Content starts

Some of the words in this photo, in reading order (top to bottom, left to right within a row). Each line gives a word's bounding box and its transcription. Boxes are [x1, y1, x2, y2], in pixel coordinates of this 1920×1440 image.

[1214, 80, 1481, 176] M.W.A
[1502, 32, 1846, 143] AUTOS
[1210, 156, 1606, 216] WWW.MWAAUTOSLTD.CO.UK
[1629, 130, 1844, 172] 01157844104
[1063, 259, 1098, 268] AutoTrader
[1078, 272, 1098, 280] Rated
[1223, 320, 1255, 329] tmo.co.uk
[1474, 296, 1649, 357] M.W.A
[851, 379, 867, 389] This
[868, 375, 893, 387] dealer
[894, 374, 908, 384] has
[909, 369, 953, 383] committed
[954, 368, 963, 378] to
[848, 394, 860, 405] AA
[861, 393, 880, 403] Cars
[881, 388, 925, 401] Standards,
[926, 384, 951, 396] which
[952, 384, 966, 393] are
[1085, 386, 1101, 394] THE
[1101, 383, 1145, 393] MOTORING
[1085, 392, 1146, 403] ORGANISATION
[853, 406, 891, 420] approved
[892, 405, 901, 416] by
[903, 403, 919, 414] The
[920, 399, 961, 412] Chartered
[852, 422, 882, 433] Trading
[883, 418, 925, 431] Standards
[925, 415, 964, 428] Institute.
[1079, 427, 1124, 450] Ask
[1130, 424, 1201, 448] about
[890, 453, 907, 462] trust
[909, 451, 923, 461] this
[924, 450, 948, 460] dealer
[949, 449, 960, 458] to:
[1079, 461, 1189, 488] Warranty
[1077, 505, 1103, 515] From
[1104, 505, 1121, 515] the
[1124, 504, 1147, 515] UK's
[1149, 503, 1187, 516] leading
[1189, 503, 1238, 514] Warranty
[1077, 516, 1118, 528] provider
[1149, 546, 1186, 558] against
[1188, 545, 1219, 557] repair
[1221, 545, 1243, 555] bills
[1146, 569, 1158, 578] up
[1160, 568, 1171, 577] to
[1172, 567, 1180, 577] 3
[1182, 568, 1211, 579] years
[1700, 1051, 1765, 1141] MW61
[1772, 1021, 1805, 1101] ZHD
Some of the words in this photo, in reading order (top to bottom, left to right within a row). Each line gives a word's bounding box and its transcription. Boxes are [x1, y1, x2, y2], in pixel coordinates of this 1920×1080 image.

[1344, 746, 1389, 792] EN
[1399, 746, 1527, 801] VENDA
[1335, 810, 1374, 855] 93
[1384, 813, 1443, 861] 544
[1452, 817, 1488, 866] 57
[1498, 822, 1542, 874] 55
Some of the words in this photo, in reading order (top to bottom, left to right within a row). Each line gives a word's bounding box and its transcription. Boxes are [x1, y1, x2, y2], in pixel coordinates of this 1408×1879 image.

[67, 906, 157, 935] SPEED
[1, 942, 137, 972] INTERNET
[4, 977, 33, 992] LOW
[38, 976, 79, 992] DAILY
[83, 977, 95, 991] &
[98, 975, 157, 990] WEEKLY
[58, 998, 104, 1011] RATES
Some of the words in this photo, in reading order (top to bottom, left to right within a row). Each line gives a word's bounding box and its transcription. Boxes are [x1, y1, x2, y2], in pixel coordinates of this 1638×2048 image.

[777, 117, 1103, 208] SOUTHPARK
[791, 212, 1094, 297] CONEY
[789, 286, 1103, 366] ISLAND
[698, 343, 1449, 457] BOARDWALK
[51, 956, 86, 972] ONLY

Content ends

Action item –
In the material above, the line with "this 1638×2048 image." marks the start. Print it and every line after it through the last, exactly.

Task answer –
Some of the words in this photo, in reading order (top to bottom, left to right within a row). Each line gives a word's bounding box and its transcription. Boxes are [x1, y1, x2, y2], in pixel coordinates of this 1638×2048 image.

[777, 117, 1103, 208] SOUTHPARK
[791, 212, 1094, 297] CONEY
[789, 286, 1103, 366] ISLAND
[698, 343, 1449, 457] BOARDWALK
[51, 956, 86, 972] ONLY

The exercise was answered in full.